The Cas9/guide RNA (Cas9/gRNA) system is commonly used for genome editing. mRNA expressing Cas9 can induce innate immune responses, reducing Cas9 expression. First-generation Cas9 mRNAs were modified with pseudouridine and 5-methylcytosine to reduce innate immune responses. We combined four approaches to produce more active, less immunogenic second-generation Cas9 mRNAs.
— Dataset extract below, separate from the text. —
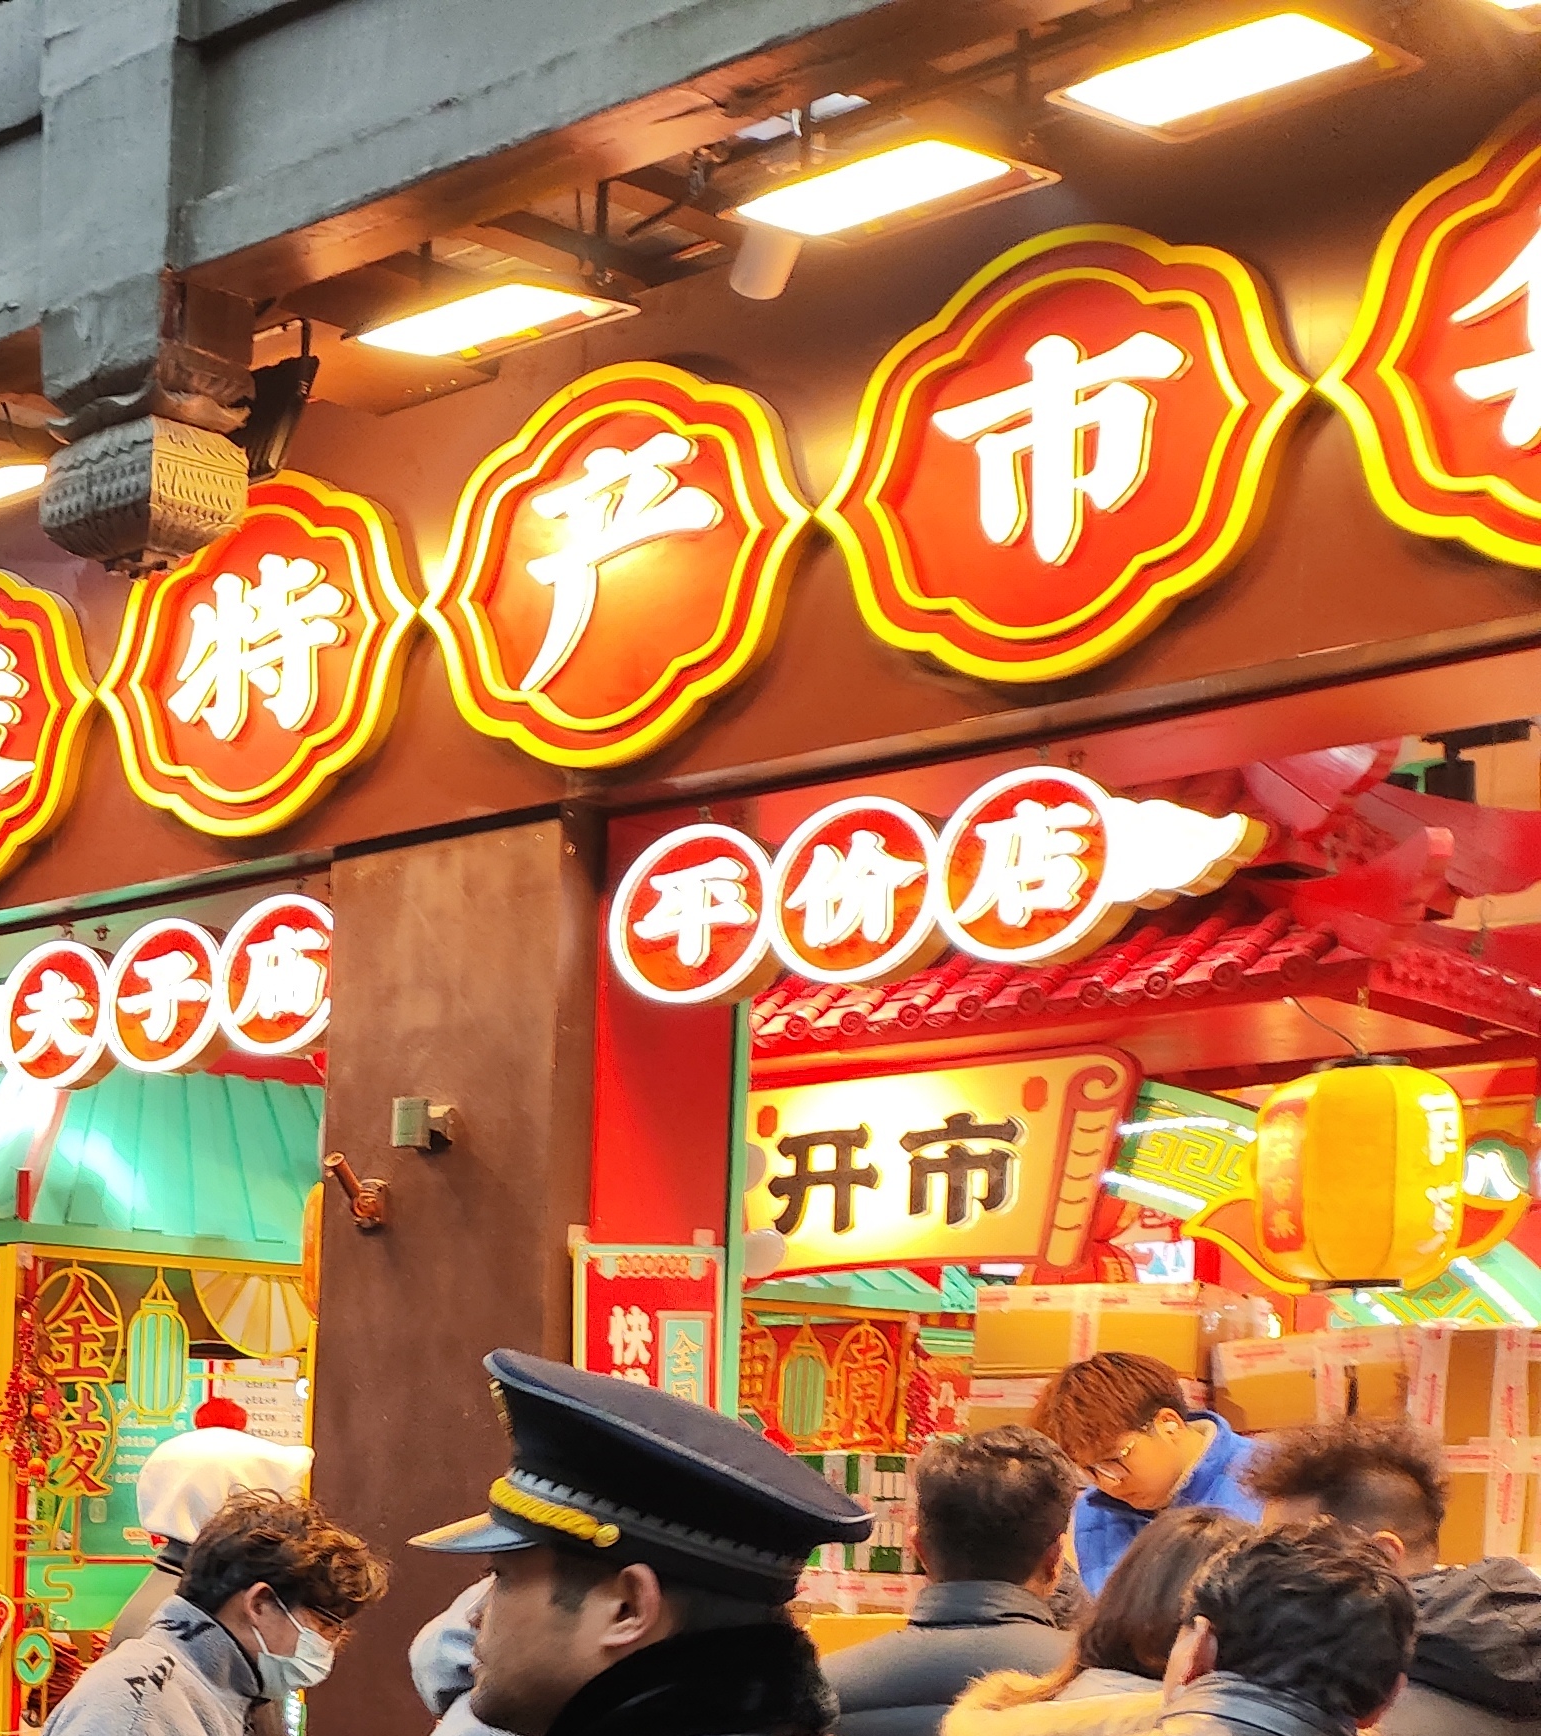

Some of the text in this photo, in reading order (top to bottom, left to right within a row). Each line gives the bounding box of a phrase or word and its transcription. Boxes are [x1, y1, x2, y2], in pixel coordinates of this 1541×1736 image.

[633, 798, 1101, 967] 平价店
[766, 1111, 1024, 1235] 开市
First, we developed a novel co-transcriptional capping method yielding natural Cap 1. Second, we screened modified nucleotides in Cas9 mRNA to identify novel modifications that increase Cas9 activity. Third, we depleted the mRNA of uridines to improve mRNA activity. Lastly, we tested high-performance liquid chromatography (HPLC) purification to remove double-stranded RNAs. The activity of these mRNAs was tested in cell lines and primary human CD34+ cells. Cytokines were measured in whole blood and mice. These approaches yielded more active and less immunogenic mRNA. Uridine depletion (UD) most impacted insertion or deletion (indel) activity. Specifically, 5-methoxyuridine UD induced indel frequencies as high as 88% (average ± SD = 79% ± 11%) and elicited minimal immune responses without needing HPLC purification. Our work suggests that uridine-depleted Cas9 mRNA modified with 5-methoxyuridine (without HPLC purification) or pseudouridine may be optimal for the broad use of Cas9 both in vitro and in vivo.

Cas9 /指南RNA（Cas9 / gRNA）系统通常用于基因组编辑。表达Cas9的mRNA可以诱导先天性免疫反应，从而降低Cas9的表达。用伪尿苷和5-甲基胞嘧啶修饰第一代Cas9 mRNA，以减少先天免疫应答。我们结合了四种方法来产生更活跃，免疫原性较低的第二代Cas9 mRNA。首先，我们开发了一种可产生天然Cap 1的新型共转录加帽方法。其次，我们在Cas9中筛选了修饰的核苷酸mRNA鉴定增加Cas9活性的新修饰。第三，我们耗尽了尿苷的mRNA以提高mRNA活性。最后，我们测试了高效液相色谱（HPLC）纯化以去除双链RNA。在细胞系和原代人CD34 +细胞中测试了这些mRNA的活性。在全血和小鼠中测量细胞因子。这些方法产生了更多的活性和更少的免疫原性mRNA。尿苷耗竭（UD）对插入或缺失（indel）活性的影响最大。具体而言，5-甲氧基尿苷UD诱导的插入缺失频率高达88％（平均±SD = 79％±11％），并且不需要HPLC纯化即可引起最小的免疫反应。我们的工作表明尿苷耗尽的Cas9mRNA的修饰的5-methoxyuridine（无HPLC纯化）或假尿苷可能是最佳的同时为广泛使用的Cas9在体外和体内。